QUELQUES CHIFFRES CLÉS

 

  • Le chiffre d’affaires sur le marché de l’art atteint 67,4 milliards de dollars en 2018, pour un volume de transactions de 39,8 millions.
  • 310 700 entreprises sont actrices directes ou indirectes du marché.

 

“Investir dans l’art ? Ce n’est pas pour moi, je n’ai pas les moyens !”, tel est l’adage entendu le plus souvent quand on parle d’investissement artistique. Effrayant parce que généralement inconnu, ce type d’actif patrimonial n’est toutefois pas réservé aux initiés. Amateur éclairé ou néophyte sous le charme, chacun peut trouver conseil pour que ses coups de cœurs artistiques soient au mieux valorisés et ce, dans les quatre étapes de leur cycle de vie : acquisition, détention, cession et transmission.

 

Lonlay & Associés décrypte pour vous les principaux aspects juridiques, fiscaux et financiers, spécifiques des actifs artistiques, en partant à la rencontre d’acteurs du marché.

 

Qu’est-ce qu’un actif artistique ?

Un actif artistique est un bien tangible (peinture, sculpture, mobilier) ou intangible (performance) qui appartient ou appartiendra à une personne physique ou morale et qui relève de ce que la loi considère comme une œuvre d’art ou objet de collection. Le caractère tangible de ce type d’actif, lors de la crise des marchés financiers, a poussé les investisseurs craintifs à diversifier leur patrimoine en se tournant vers l’or et les œuvres d’art.

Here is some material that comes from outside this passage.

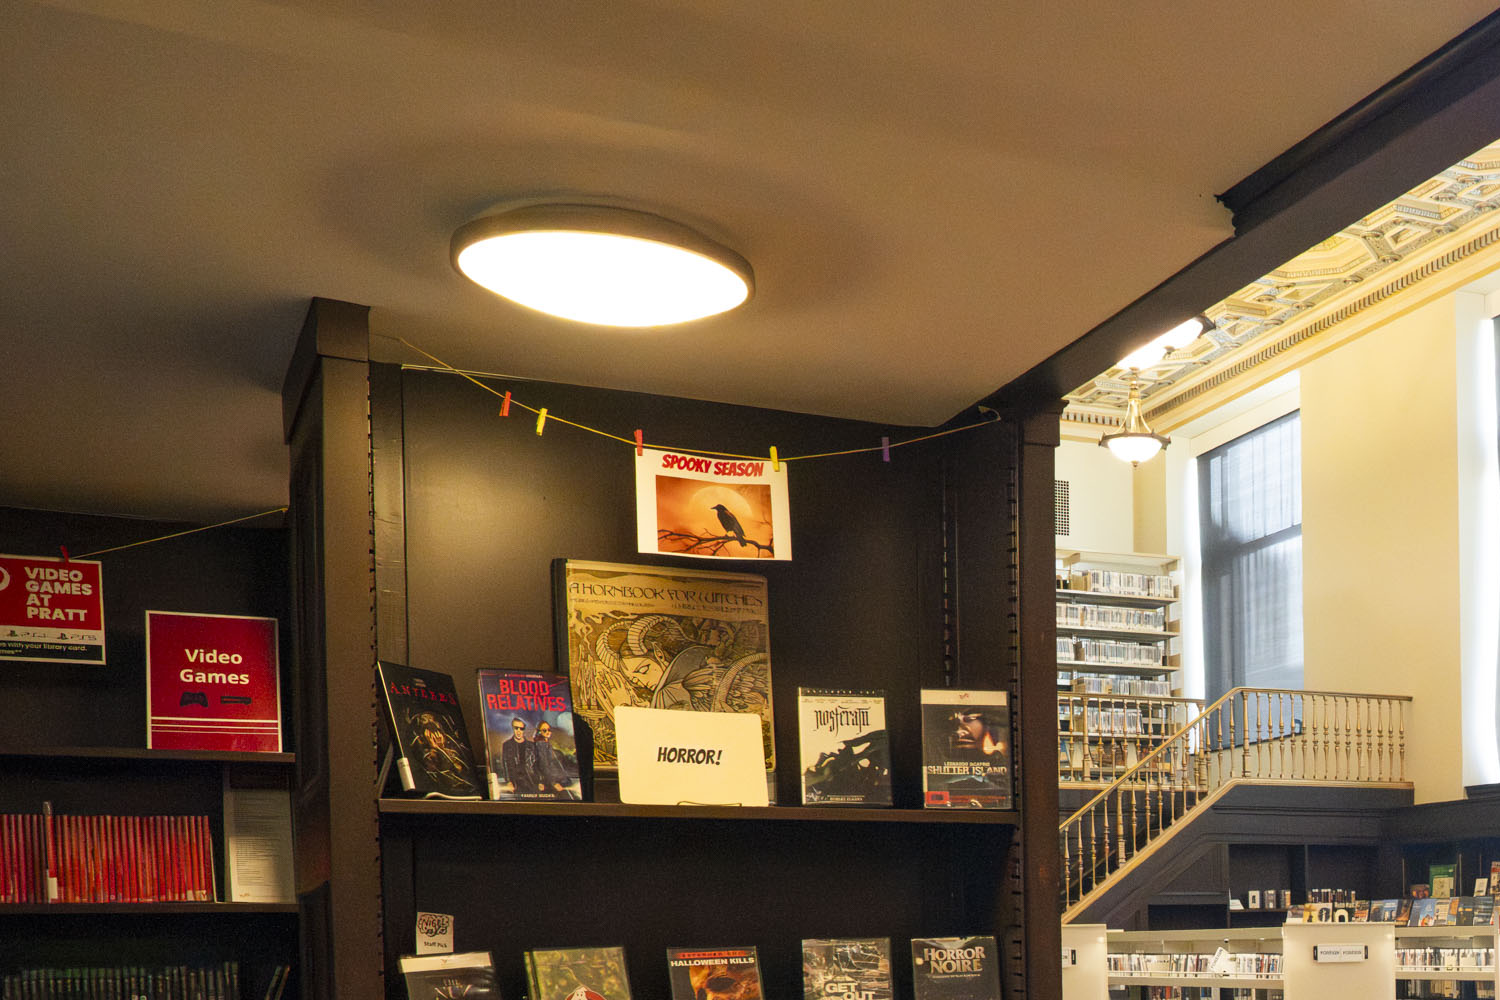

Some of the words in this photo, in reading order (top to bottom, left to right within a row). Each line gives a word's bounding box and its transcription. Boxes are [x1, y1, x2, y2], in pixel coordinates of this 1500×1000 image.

Évaluation et caractéristiques de l’actif

Les critères d’évaluation mettent tout le monde d’accord. Sont pris en compte en amont d’une vente, sur le marché public comme privé, l’artiste, la date de l’œuvre, le format, le mouvement, l’état de conservation, le pedigree, le “wall power” (à savoir le cachet de l’œuvre en question). Cette valorisation s’effectue dans le contexte d’un marché et des pièces comparables y circulant, nécessitant a fortiori un expert au-delà des analyses scientifiques décorrélées des marchés.

 

Suivant les contextes de marché, il est parfois difficile de trouver un acheteur pour la revente, par conséquent ce bien tangible a cela de notable qu’il n’est pas liquide. Une cession à un moment inapproprié peut ainsi rapidement faire basculer la valeur du bien. Cette dernière dépend largement de l’acquéreur puisque c’est lui qui lui en confère.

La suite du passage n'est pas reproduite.